Viertes Kapitel

[31] In dem Briefe, den Friedrich von dem N. O. Body der Zeitungsannonce erhalten hatte, war ein vornehmes Hotel auf der Ringstraße als Ort der Zusammenkunft angegeben. Um die bezeichnete Stunde fand er sich ein und fragte nach Mister Kingscourt. Man wies ihn nach einem Salon des ersten Stockes. Als er eintrat, kam ihm ein hoher, breitschultriger Mann entgegen:

»Sind Sie Doktor Löwenberg?«

»Der bin ich.«

»Nehmen Sie einen Stuhl, Doktor!«

Sie setzten sich. Friedrich betrachtete den Fremden aufmerksam und wartete auf dessen Erklärungen. Mr. Kingscourt war ein Mann in den Fünfzigern, mit ergrauendem Vollbart und dichtem braunen Haupthaar, das von Silberfäden durchzogen war und an den Schläfen schon weiß schimmerte. Er rauchte in langsamen Zügen eine große Zigarre.

»Rauchen Sie, Doktor?«

»Jetzt nicht«, gab Friedrich zur Antwort.

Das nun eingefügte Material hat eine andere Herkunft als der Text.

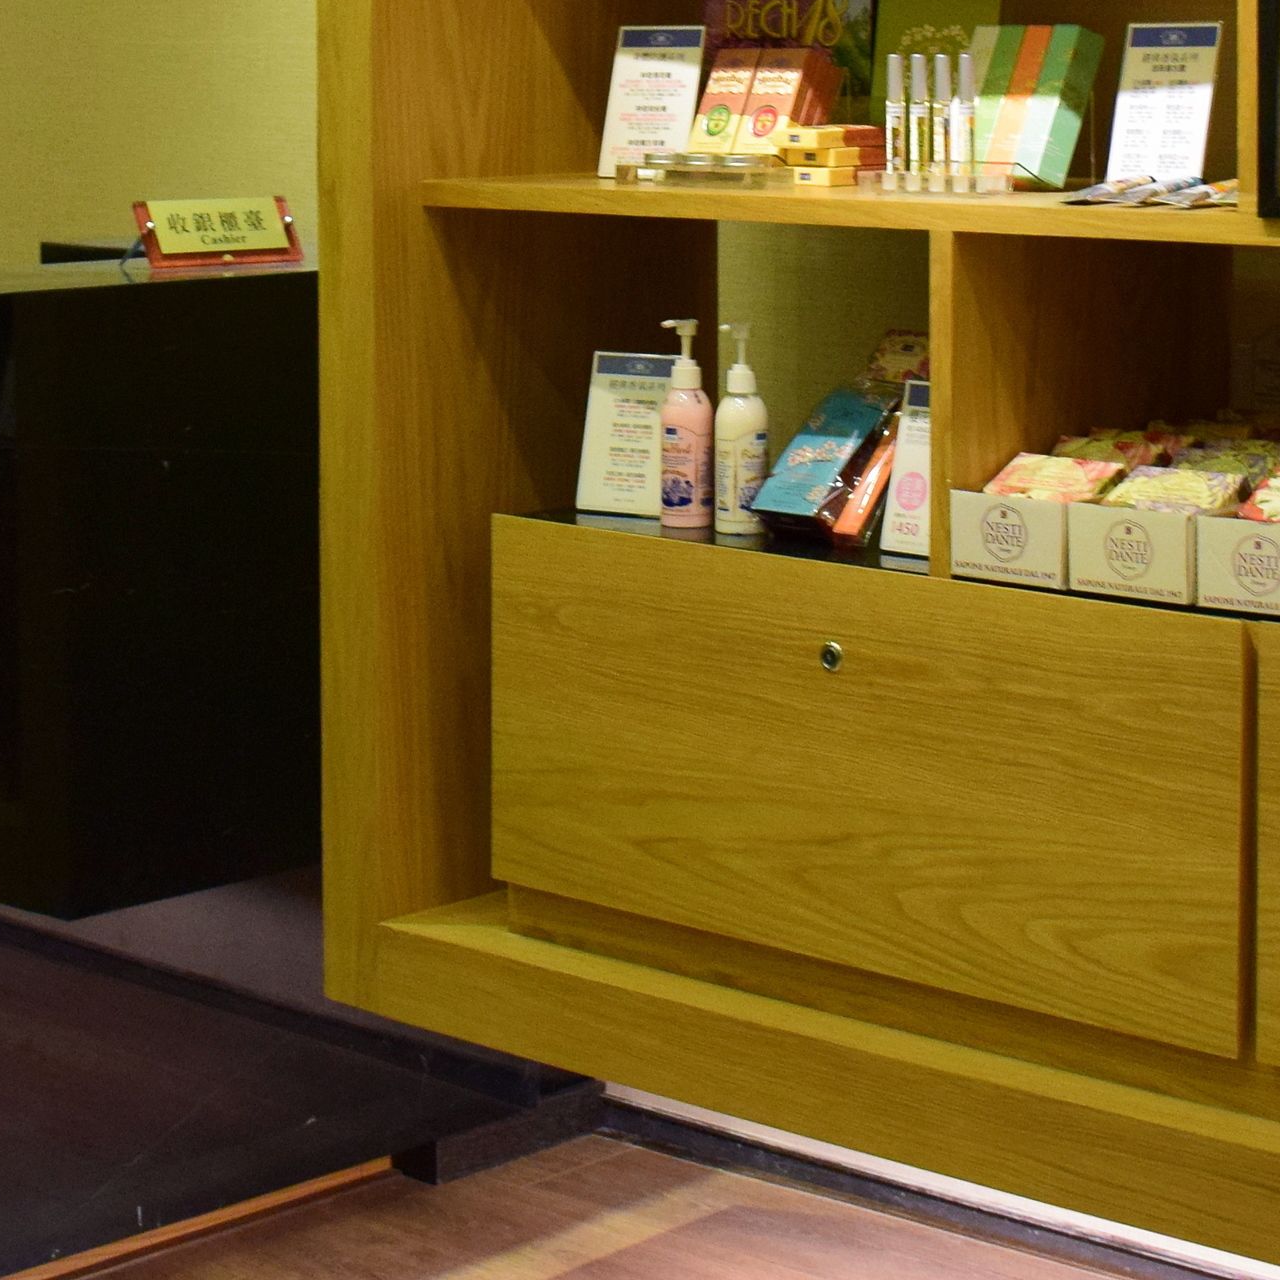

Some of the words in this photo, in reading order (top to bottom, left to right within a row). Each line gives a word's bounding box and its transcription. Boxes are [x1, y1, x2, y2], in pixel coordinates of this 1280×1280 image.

Mr. Kingscourt hauchte mit Sorgfalt einen Rauchring in die Luft, folgte der Auflösung der wolkigen Linien mit Spannung und erst nachdem sie ganz verschwebt waren, sagte er, ohne seinen Gast anzusehen:[31]

»Warum sind Sie lebensüberdrüssig?«

»Darüber gebe ich keine Auskunft«, erwiderte Friedrich ruhig.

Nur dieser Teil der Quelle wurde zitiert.